Get the exact inverse of any color
This tool computes the precise inverse of a color by subtracting each RGB channel from 255 — the same operation as a photographic negative. It is useful for generating dark-mode counterparts, finding a high-contrast accent, or simply seeing what the “opposite” of a color looks like.
How it works
A color in RGB is three numbers from 0 to 255 for red, green, and blue. The inverse is found channel by channel with a single subtraction: inverse = 255 - value. So rgb(52, 152, 219) becomes rgb(203, 103, 36). White (255,255,255) inverts to black (0,0,0) and vice versa, and a fully saturated red inverts to cyan.

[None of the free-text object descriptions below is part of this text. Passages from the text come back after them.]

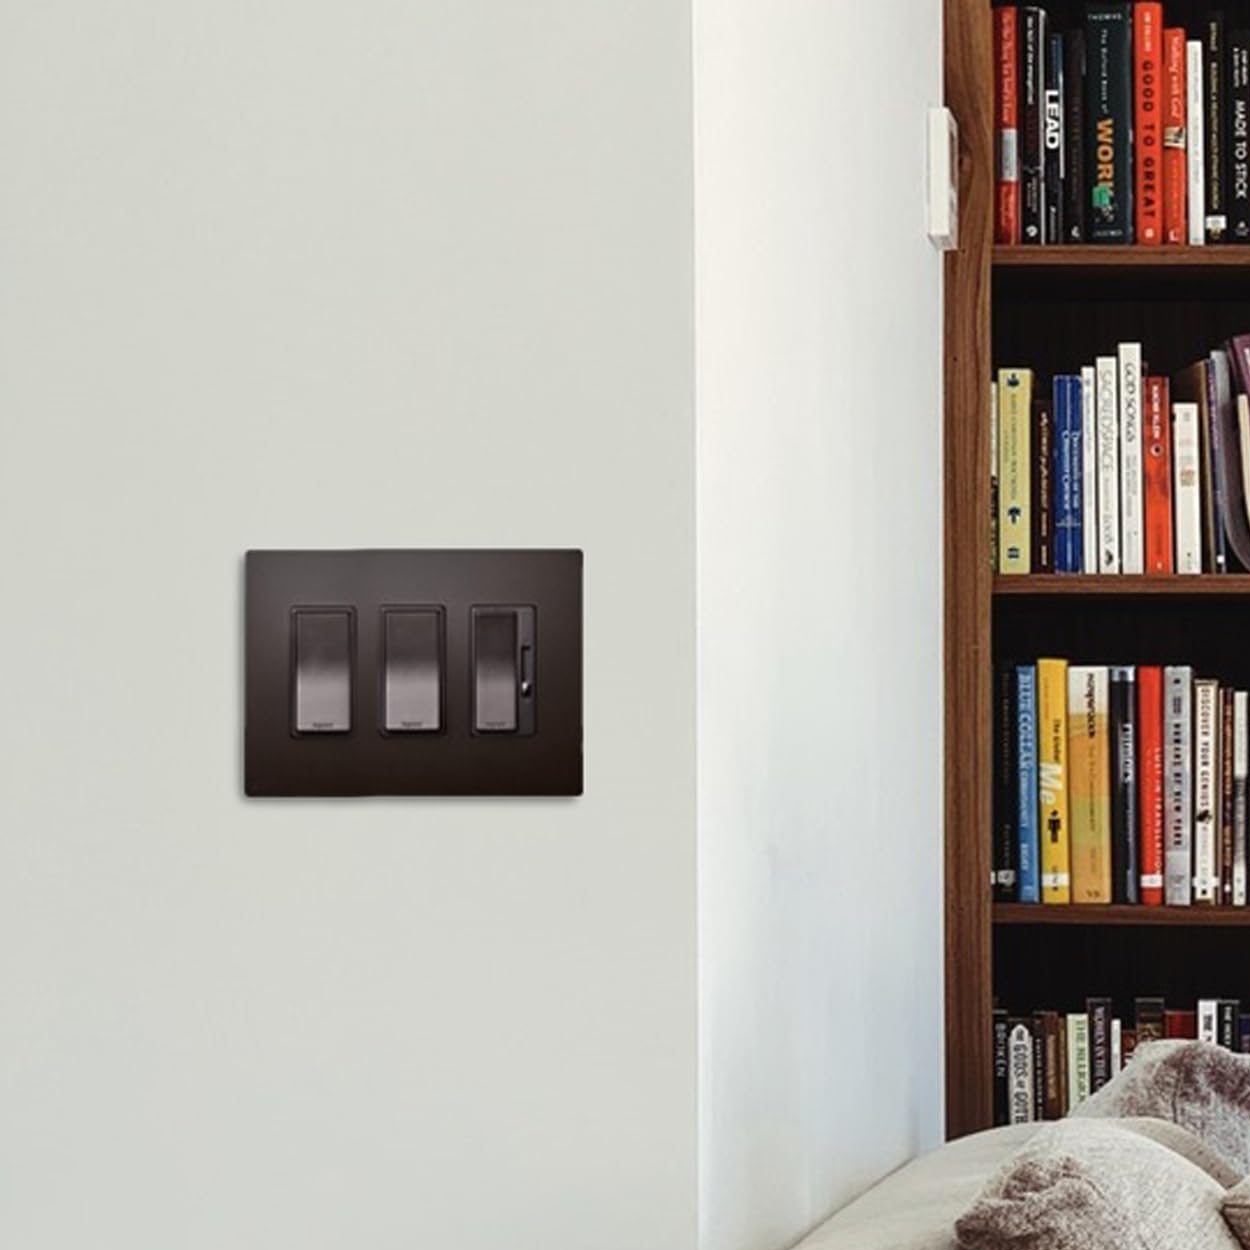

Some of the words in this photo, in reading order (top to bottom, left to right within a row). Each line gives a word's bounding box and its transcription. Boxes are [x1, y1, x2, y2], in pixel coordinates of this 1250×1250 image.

[1142, 60, 1155, 113] GOOD
[1045, 90, 1059, 149] LEAD
[1142, 124, 1155, 147] TO
[1234, 100, 1246, 137] MADE
[1234, 142, 1246, 160] TO
[1142, 157, 1156, 218] GREAT
[1234, 163, 1247, 198] STICK
[1124, 362, 1137, 394] GOD
[1124, 398, 1138, 443] SONGS
[1018, 674, 1031, 710] BLUE
[1201, 688, 1210, 736] DISCOVER
[1019, 713, 1032, 769] COLLAR
[1201, 741, 1210, 767] YOUR
[1040, 762, 1064, 805] Me
[1201, 769, 1210, 807] GENIUS
[995, 1022, 1008, 1077] BROKEN
[1013, 1043, 1028, 1077] GODS
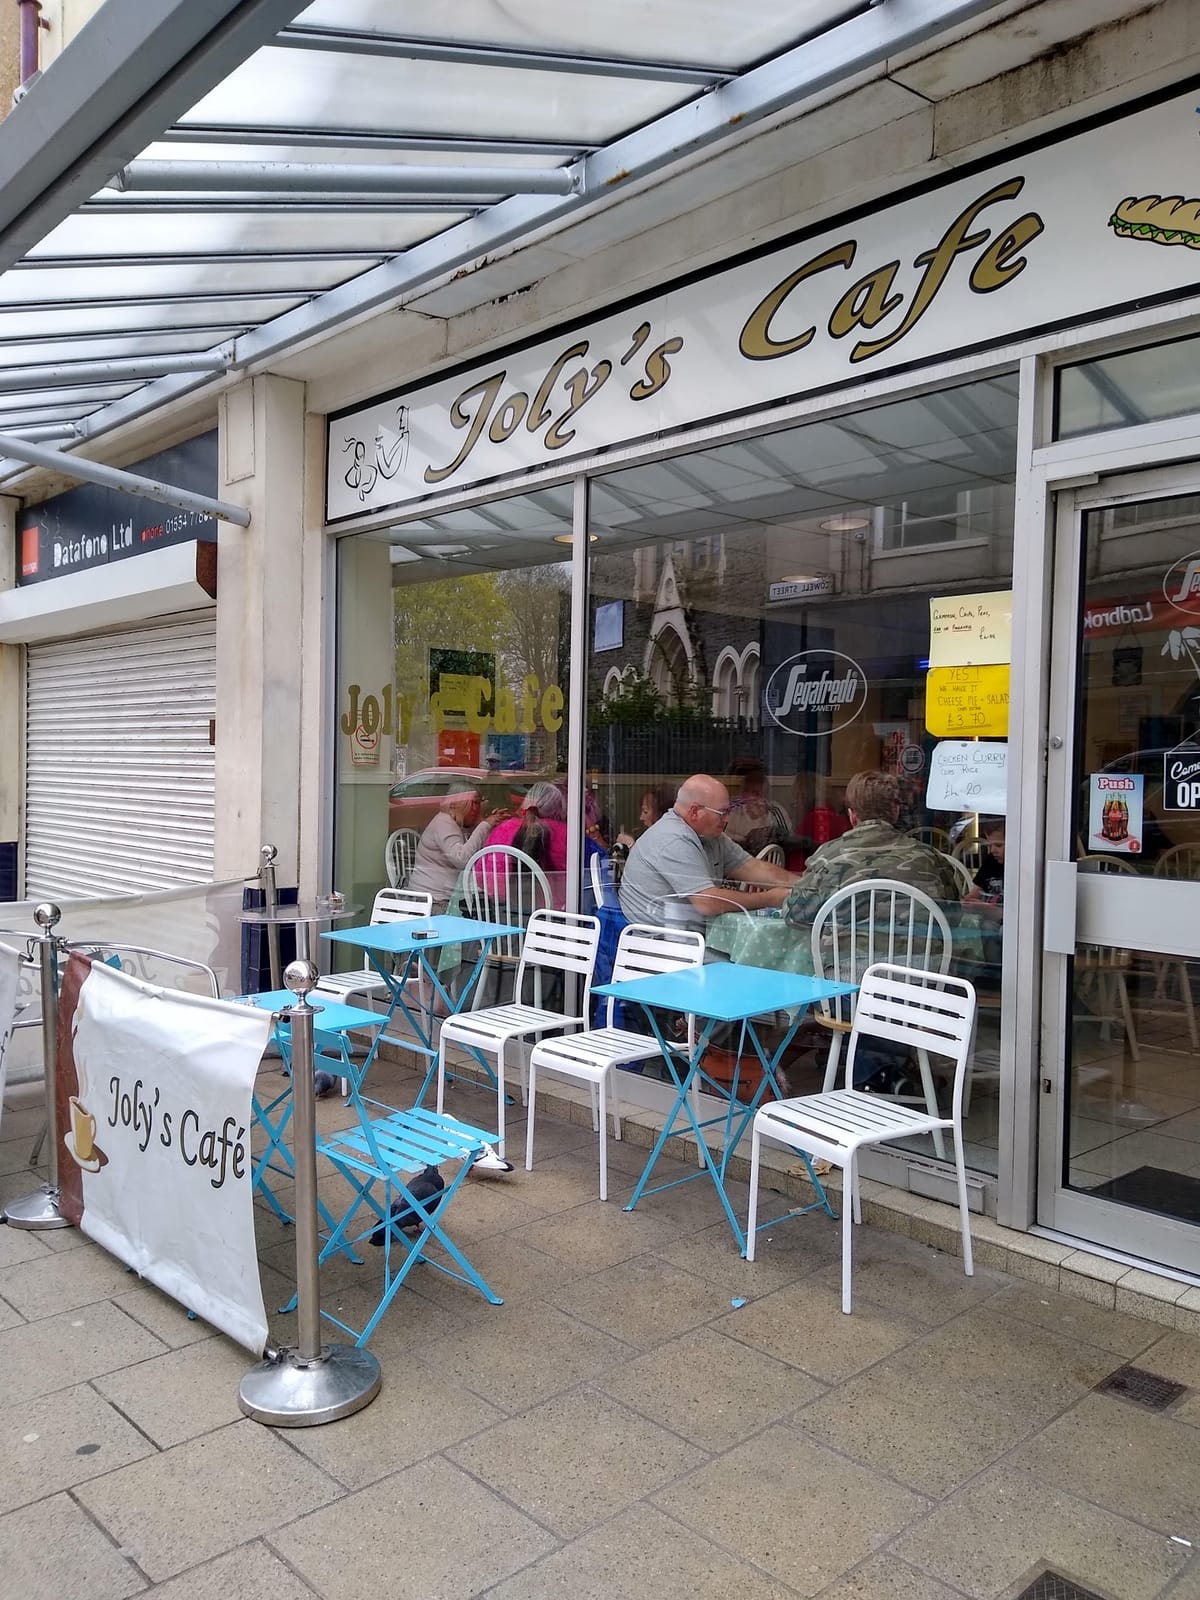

This is the literal numeric inverse, sometimes called the complementary color. Note that it differs from a hue-rotation complement: subtracting from 255 flips each channel independently, which can shift lightness as well as hue. The tool shows the original and inverted swatches side by side so you can judge the contrast at a glance.
Notes and example
Inverting a color twice returns the original, because subtracting twice from 255 cancels out. Colors near mid-gray invert to something very close to themselves, which is why gray-on-inverted-gray has poor contrast — useful to know if you are relying on inversion for accessibility. For a strong accent, start from a saturated, non-gray color: #3498db (a blue) inverts to a warm orange-brown #cb6724, an eye-catching pair.